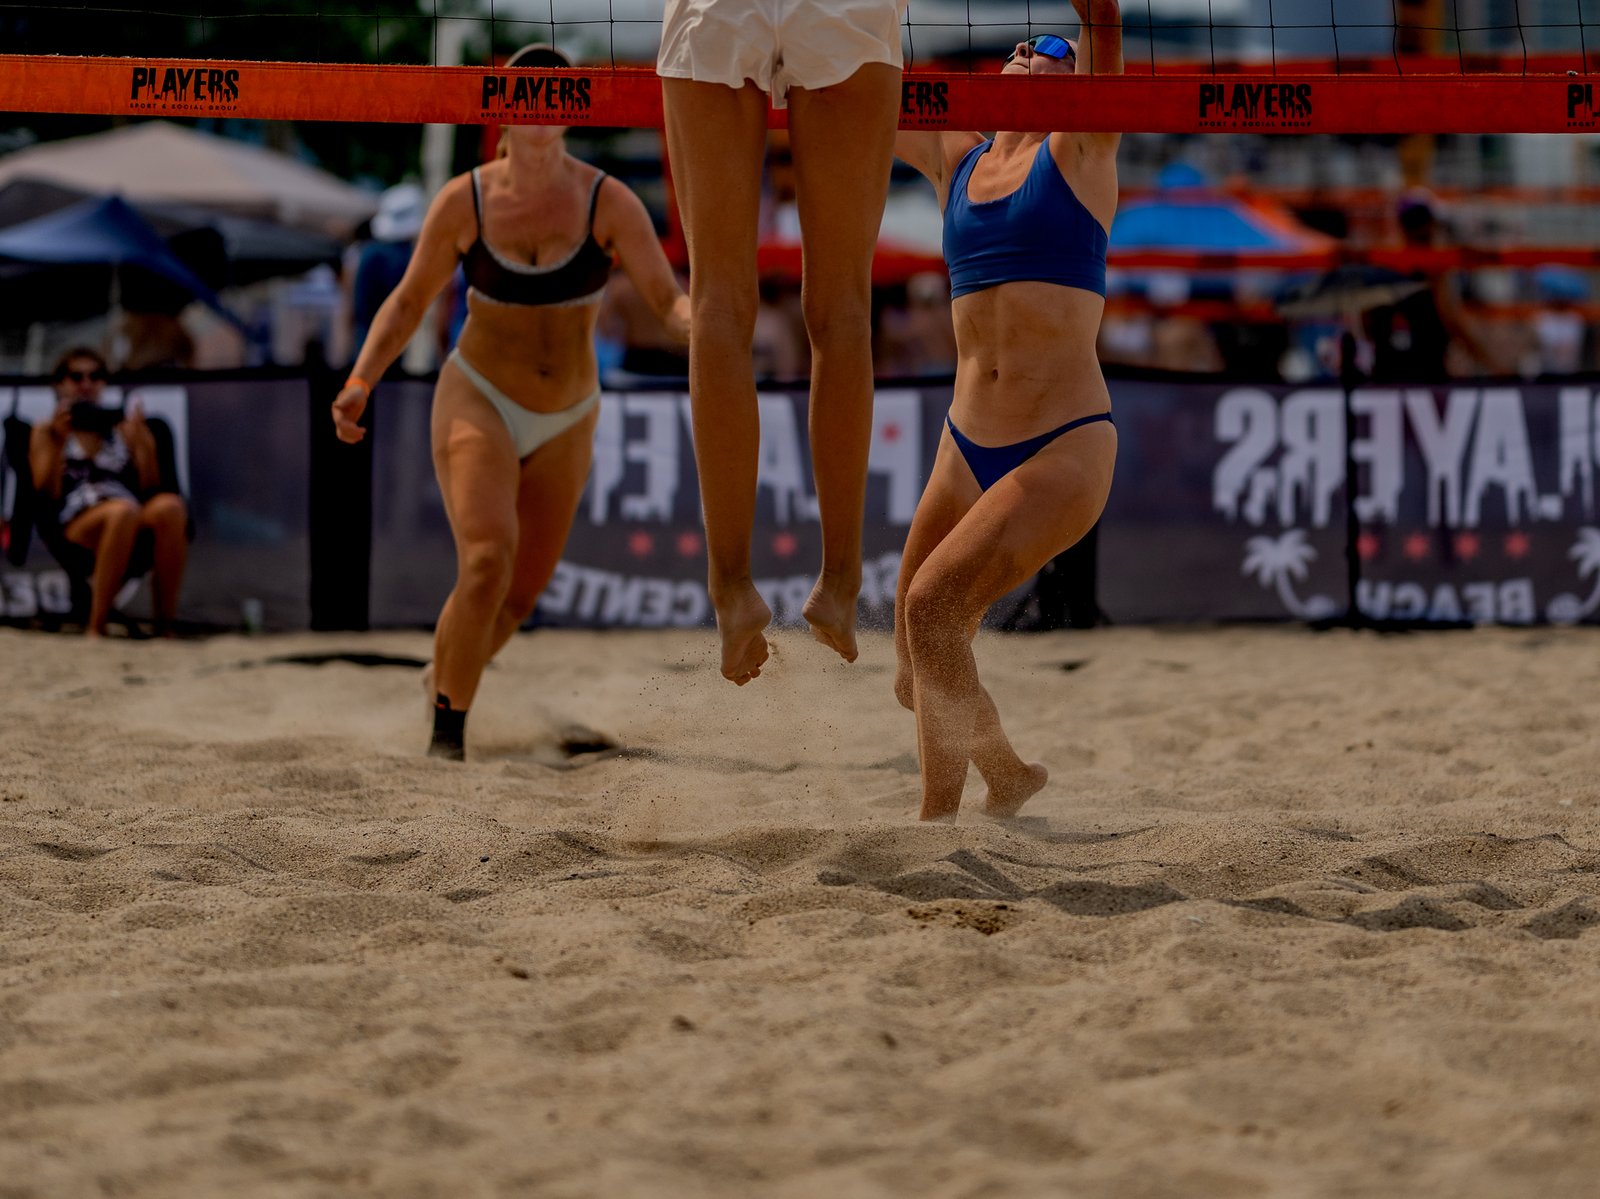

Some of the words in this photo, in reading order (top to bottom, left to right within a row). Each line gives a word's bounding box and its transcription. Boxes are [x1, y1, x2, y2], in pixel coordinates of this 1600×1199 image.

[130, 67, 240, 103] PLAYERS
[481, 75, 591, 111] PLAYERS
[1199, 83, 1313, 119] PLAYERS
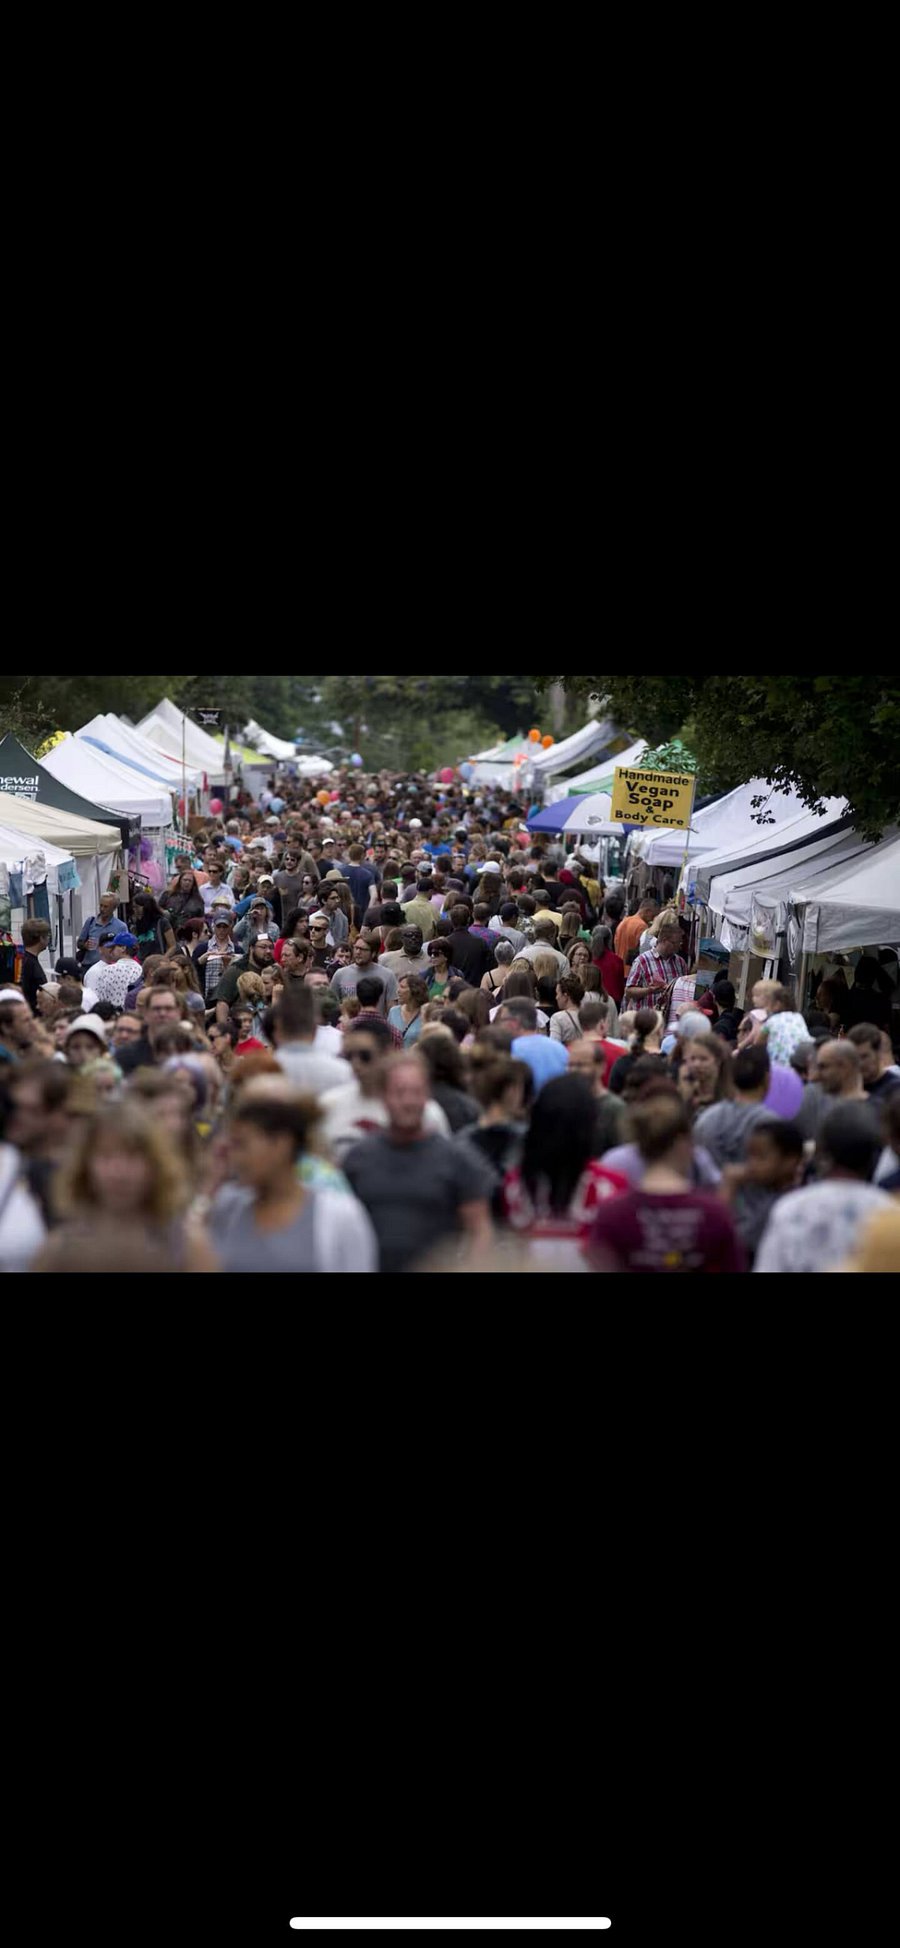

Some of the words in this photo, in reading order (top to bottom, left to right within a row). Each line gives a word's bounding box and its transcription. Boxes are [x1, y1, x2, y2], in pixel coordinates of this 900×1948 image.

◇ ◇ ◇

= TASK ITEM =
Restate the listing word for word, pictures excluded.

= WRITTEN REPLY =
Some of the words in this photo, in reading order (top to bottom, left to right within a row). Each line gives a word's bounding box and its transcription. Boxes are [x1, y1, x2, y2], in pixel coordinates of this 1600×1199 image.

[130, 67, 240, 103] PLAYERS
[481, 75, 591, 111] PLAYERS
[1199, 83, 1313, 119] PLAYERS

Some of the words in this photo, in reading order (top to bottom, left to right within a row). Each line gives a word's bounding box and its transcription. Boxes are [x1, y1, x2, y2], in pixel coordinates of this 900×1948 image.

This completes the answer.